- University of St. Thomas
- Associate Professor of Philosophy
- Residential Fellow (2019-2020)
- “Intention and Wrongdoing”
Joshua Stuchlik is Associate Professor of Philosophy at the University of St. Thomas (MN). He is a philosopher who specializes in ethics, action theory, and epistemology. In epistemology, his research focuses on skepticism and perceptual knowledge. In ethics, his current research explores the moral significance of intentions and reasons for action. His book project is entitled Intention and Wrongdoing. In it he will argue that intentions are relevant to the moral permissibility of conduct by providing a comprehensive defense of the principle of double effect.
Professor Stuchlik is the author of eight articles, which have appeared in journals such as the Journal of the History of Philosophy, the Journal of Moral Philosophy, Synthese, and Philosophical Studies. He is assistant editor of the American Catholic Philosophical Quarterly.
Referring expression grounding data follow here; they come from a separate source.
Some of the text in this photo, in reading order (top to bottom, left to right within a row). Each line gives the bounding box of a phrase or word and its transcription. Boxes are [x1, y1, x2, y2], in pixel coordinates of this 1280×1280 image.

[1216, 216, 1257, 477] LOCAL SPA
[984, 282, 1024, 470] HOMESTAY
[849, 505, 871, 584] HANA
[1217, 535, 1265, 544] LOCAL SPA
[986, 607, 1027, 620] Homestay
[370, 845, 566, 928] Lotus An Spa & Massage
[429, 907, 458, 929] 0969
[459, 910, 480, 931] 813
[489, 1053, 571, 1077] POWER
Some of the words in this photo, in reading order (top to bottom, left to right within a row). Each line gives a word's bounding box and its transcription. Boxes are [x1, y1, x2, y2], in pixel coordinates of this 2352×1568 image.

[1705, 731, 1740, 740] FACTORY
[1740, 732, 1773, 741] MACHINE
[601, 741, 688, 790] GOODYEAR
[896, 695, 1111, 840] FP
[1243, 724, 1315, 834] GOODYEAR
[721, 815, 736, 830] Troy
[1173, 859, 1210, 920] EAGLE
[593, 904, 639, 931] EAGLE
Professor Stuchlik is the recipient of a Distinguished Early Career Grant from the University of St. Thomas and an Andrew W. Mellon Fellowship in Humanistic Studies.
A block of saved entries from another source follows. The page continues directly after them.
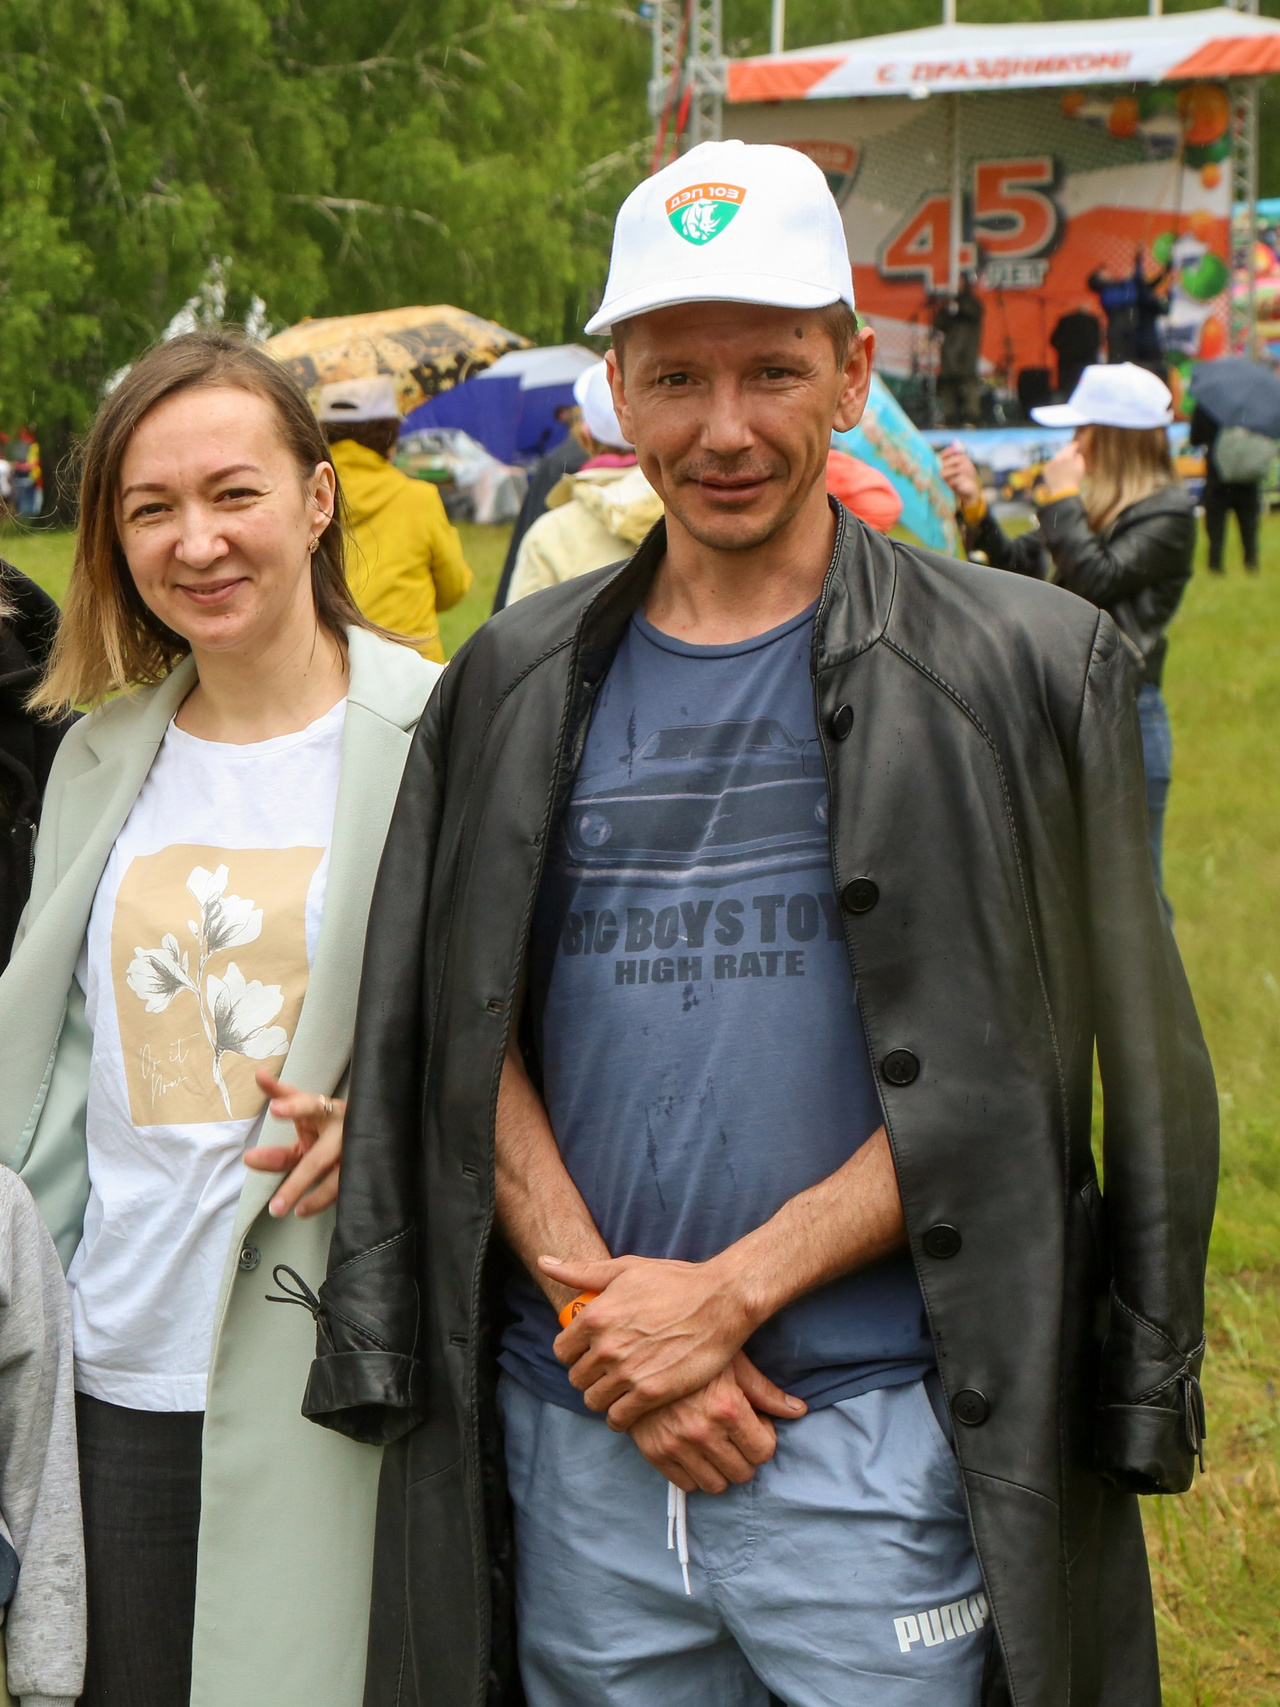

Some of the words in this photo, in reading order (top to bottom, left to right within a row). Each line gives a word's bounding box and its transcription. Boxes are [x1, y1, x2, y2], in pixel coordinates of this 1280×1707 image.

[876, 63, 897, 84] С
[909, 51, 1132, 80] ПРАЗДНИКОМ!
[671, 188, 703, 209] ДЭП
[708, 187, 739, 199] 103
[880, 158, 1058, 292] 45
[562, 909, 618, 955] BIG
[625, 900, 744, 951] BOYS
[615, 957, 702, 984] HIGH
[715, 951, 805, 979] RATE
[169, 1033, 199, 1063] it
[893, 1592, 989, 1653] PUMA
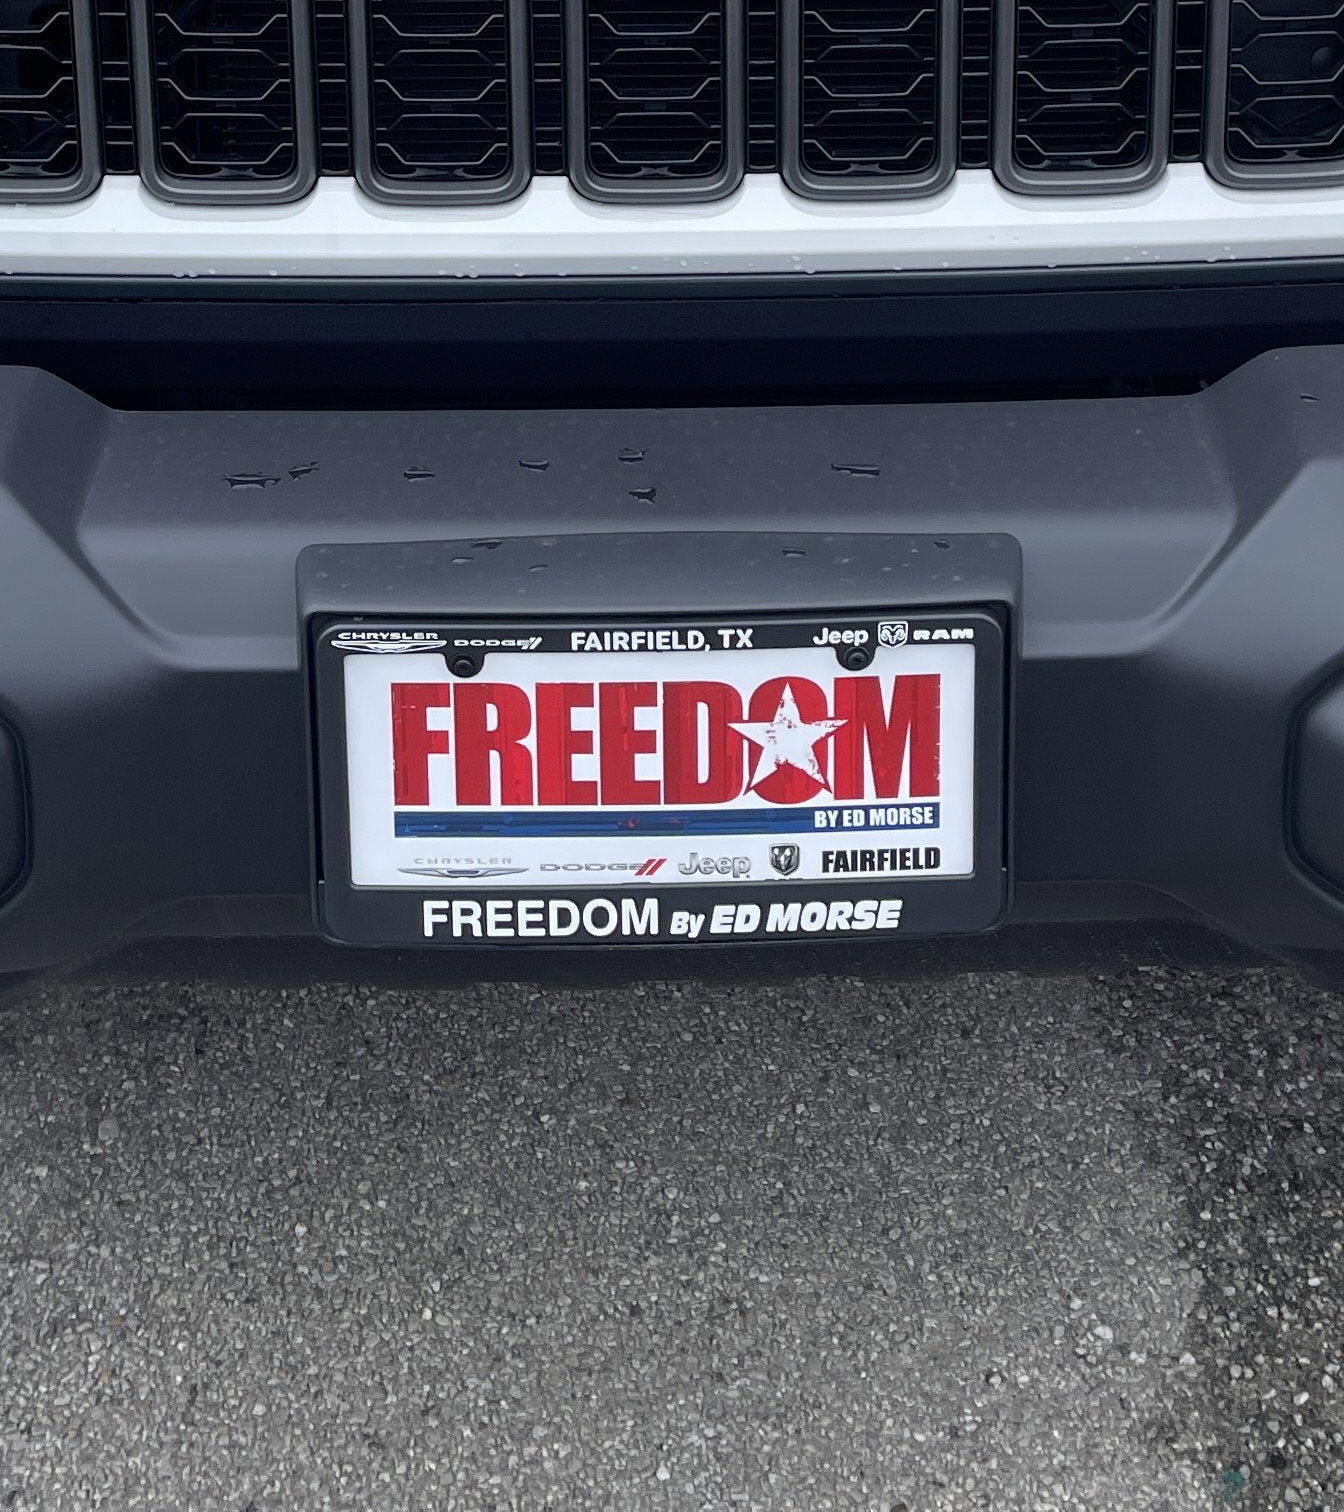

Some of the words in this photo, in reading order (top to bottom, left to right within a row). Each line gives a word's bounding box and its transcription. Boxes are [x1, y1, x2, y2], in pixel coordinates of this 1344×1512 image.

[337, 631, 439, 641] CHRYSLER
[453, 638, 530, 648] DODGE
[570, 628, 711, 652] FAIRFIELD,
[717, 628, 754, 648] TX
[812, 627, 870, 647] Jeep
[912, 628, 974, 641] RAM
[391, 674, 941, 807] FREEDOM
[814, 810, 838, 829] BY
[842, 809, 864, 827] ED
[869, 806, 934, 826] MORSE
[413, 856, 513, 866] CHRYSLER
[678, 852, 751, 878] Jeep
[821, 846, 941, 874] FAIRFIELD
[422, 897, 659, 938] FREEDOM
[669, 910, 705, 938] By
[709, 904, 761, 934] ED
[765, 899, 904, 933] MORSE
Intention and Wrongdoing: In Defense of Double Effect
Cambridge University Press, 2021
According to the principle of double effect, there is a strict moral constraint against bringing about serious harm to the innocent intentionally, but it is permissible in a wider range of circumstances to act in a way that brings about harm as a foreseen but non-intended side effect. This idea plays an important role in just war theory and international law, and in the twentieth century Elizabeth Anscombe and Philippa Foot invoked it as a way of resisting consequentialism. However, many moral philosophers now regard the principle with hostility or suspicion. Challenging the philosophical orthodoxy, Joshua Stuchlik defends the principle of double effect, situating it within a moral framework of human solidarity and responding to philosophical objections to it. His study uncovers links between ethics, philosophy of action, and moral psychology, and will be of interest to anyone seeking to understand the moral relevance of intention.